Le batterie delle auto elettriche potrebbero avere un futuro molto diverso da quello immaginato finora. Oltre al tradizionale recupero delle materie prime, una nuova ricerca suggerisce infatti la possibilità di trasformare gli accumulatori esausti in batterie ancora più performanti rispetto a quelle da cui provengono.
È quanto emerge da uno studio condotto dall’Università della California di San Diego, che ha sviluppato un metodo sperimentale per riutilizzare il materiale attivo delle batterie LFP (litio-ferro-fosfato), ottenendo un nuovo catodo caratterizzato da una maggiore densità energetica senza rinunciare ai vantaggi di sicurezza e durata tipici di questa chimica.
Si tratta, almeno per il momento, di una ricerca di laboratorio, ma i risultati aprono prospettive interessanti per il futuro del riciclo delle batterie destinate alla mobilità elettrica.

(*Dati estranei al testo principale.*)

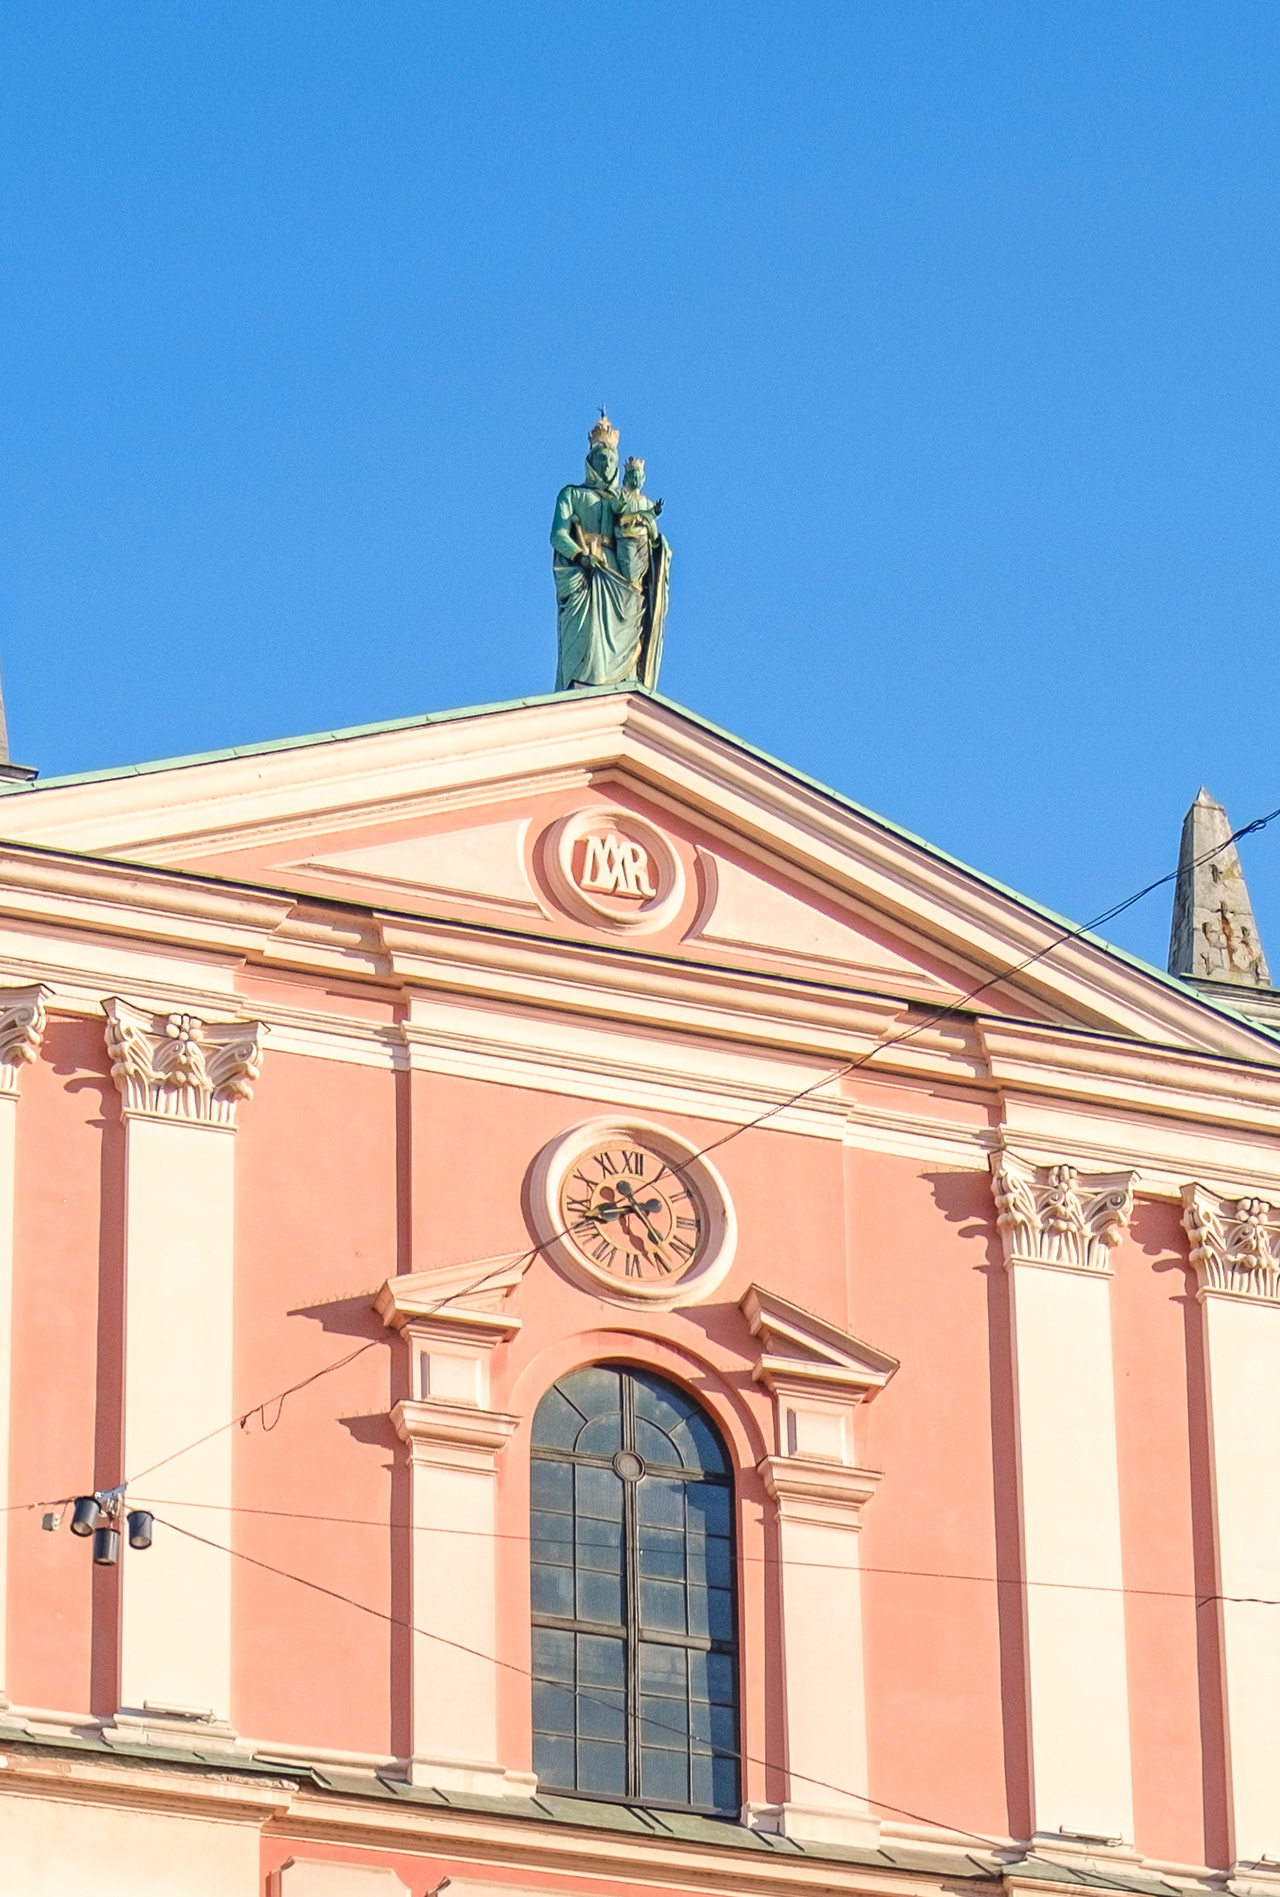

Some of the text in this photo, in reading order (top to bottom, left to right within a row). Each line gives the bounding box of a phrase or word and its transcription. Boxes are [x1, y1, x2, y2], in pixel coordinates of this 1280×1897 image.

Dal riciclo nasce un materiale ancora più efficiente
Le batterie LFP sono sempre più diffuse nel settore delle auto elettriche grazie al costo contenuto, alla lunga durata e all’elevata stabilità termica. Il loro principale limite è rappresentato dalla densità energetica, generalmente inferiore rispetto alle batterie che utilizzano nichel e cobalto. In pratica, per immagazzinare la stessa quantità di energia serve una batteria più grande o più pesante.